An education philosophy based on the image of the child, and that of human beings processing strong potentials for development, and as a subject of rights who learns and grows in the relationship with others.The Reggio approach was developed after World War 2 in Italy by a young and inspirational teacher called Loris Malaguzzi.He promoted the idea of children as active participants in their own learning in a unique reciprocal relationship with their teachers. Learning is an active process and not a transmission of pre-packaged knowledge. Rather, the child has a hundred languages. Suggesting that children have multiple ways to express themselves.
100 Languages of children
What’s unique to the Reggio approach philosophy is the belief that there are 100 languages of children. Every child has 100 languages that they can learn in all of these forms of expression whether it’s by the use of clay, paper making, dance, drama, musical instruments and much more. Being Reggio inspired means that you have great faith in children.
In the Reggio approach, the educator is considered to be three things. Teacher, child and the environment. Teachers are given non-contact time to give them the chance to talk about the children and to be able to write their observations and plan what will be offered to the children next. The value and encourage child initiated activities, they challenge and provoke the ideas of the child. They allow the child to make his/her own mistakes learn from them. They closely observe children to document the child’s progress and to judge appropriate moments to intervene.
A Reggio school aims to create a welcoming, nurturing a home-like environment that’s recognized for its potential to inspire children. It is a place of encounter and connection, interaction, and dialogue. The Reggio teacher is a keen observer, documenter, and partner in the learning process. The teacher allows the children to make their own hypothesis, test their hypothesis and share what they’ve learned.
Documentation plays a critical part in children’s learning. Children revisit their ideas and get a new perspective. A teacher works on projects with small groups of children while the rest of the classroom continues to involve itself in other self – selected activities and explorations.
Reggio inspired provocations are activities prepared by the teacher to extend the child’s way of thinking.These inspirations
provoke a child to use their senses, ask questions, solve problems and think further.
EXAMPLES OF REGGIO INSPIRED ENVIRONMENTS:
According to the Reggio approach, the environment is like the 3rd teacher. It must be inspiring with natural light, order, and beauty. Make sure to de-clutter your room and have clearly defined spaces. If you need to redefine your spaces make sure they respond to children’s interest.
An example would be chandeliers which are very common in Reggio inspired environments. They can be made out of recycled and natural materials as well as bits and pieces from around the house.
The curriculum should be fluid, emergent, dynamic and unique.
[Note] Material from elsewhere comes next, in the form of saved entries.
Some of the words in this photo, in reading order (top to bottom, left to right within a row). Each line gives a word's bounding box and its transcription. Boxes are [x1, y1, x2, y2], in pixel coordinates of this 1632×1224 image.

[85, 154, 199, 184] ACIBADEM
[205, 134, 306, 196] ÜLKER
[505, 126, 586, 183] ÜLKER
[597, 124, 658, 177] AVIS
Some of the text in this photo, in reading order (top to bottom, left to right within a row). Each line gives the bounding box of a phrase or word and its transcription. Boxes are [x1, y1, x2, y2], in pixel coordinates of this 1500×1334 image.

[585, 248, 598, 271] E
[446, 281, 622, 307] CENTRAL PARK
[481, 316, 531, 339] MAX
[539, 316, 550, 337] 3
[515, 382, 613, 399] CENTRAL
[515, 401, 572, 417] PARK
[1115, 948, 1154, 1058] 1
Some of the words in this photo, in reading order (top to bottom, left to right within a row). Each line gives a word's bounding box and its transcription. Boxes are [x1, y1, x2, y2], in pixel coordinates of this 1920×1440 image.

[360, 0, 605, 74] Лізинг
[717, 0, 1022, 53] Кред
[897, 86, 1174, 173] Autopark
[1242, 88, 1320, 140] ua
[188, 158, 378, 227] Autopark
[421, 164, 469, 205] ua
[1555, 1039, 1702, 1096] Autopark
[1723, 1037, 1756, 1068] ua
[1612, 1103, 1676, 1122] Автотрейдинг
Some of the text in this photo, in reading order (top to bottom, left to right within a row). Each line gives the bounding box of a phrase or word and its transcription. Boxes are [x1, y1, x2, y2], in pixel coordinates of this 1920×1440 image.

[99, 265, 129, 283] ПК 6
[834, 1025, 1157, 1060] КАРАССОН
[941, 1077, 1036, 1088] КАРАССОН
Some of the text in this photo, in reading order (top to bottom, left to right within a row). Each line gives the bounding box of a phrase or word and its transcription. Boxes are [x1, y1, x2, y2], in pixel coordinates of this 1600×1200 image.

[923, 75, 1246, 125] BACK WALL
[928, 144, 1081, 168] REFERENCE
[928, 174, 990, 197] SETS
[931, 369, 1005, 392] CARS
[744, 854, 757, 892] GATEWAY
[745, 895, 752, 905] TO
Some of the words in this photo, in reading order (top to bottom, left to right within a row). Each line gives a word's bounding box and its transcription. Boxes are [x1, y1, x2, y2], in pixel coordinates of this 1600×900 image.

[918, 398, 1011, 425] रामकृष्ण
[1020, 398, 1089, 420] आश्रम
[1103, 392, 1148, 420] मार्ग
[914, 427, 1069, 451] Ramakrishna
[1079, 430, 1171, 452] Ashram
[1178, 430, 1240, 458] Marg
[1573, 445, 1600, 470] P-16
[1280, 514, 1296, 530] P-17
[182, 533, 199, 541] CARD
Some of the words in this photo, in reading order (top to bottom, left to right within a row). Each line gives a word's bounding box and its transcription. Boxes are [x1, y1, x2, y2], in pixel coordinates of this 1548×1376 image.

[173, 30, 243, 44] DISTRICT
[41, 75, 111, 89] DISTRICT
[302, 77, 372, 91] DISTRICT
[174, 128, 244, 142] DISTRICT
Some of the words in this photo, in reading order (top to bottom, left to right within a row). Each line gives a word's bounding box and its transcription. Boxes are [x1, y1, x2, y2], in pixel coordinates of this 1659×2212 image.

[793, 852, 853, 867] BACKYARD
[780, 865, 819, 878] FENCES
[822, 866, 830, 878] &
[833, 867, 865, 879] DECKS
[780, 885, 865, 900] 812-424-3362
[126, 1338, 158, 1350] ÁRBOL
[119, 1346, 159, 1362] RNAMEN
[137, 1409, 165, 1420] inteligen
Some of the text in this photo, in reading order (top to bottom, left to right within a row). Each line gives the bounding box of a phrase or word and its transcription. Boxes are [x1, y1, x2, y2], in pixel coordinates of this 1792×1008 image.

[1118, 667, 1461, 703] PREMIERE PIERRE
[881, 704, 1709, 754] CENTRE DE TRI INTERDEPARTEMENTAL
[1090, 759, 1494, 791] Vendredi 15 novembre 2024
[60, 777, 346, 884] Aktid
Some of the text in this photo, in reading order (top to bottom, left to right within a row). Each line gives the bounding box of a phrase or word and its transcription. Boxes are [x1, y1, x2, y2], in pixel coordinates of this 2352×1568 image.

It stems from the child’s own interests and curiosities.
The child is a researcher trying to answer the questions of life. Children learn documentation techniques that give them tools to express their ideas.
The school combines a lab and art studio in one for the developing and valuing the research process of the child. The classroom is designed to be aesthetically pleasing to the children. Teachers take great care to keep it organized and attractive. Natural lighting from large windows and open spaces give the environment a relaxed feel. Collaboration in such a process should be highly valued.
How to get started?
‘The wider range of possibilities we offer children, the more intense their motivations and the richer their experiences.” Loris Malaguzzi – Reggio Emilia founder.
Reggio Inspired Materials
Take a look around your classroom. Get rid of as many plastic materials as possible. Choose open-ended materials instead.Open-ended materials are the ones that can be transformed and that require the children to use their imagination and their own experiences.They must be natural, inviting, sensory and aesthetically pleasant.Use objects and materials children would find in their own homes.
Some examples of materials…
Loose parts, Mailing cardboard tubes, Playdough, Fabric scraps, Paper, Stones, Cotton Wool, Buttons, Beads, Bark, Corks, Elastic bands, Plastic figures.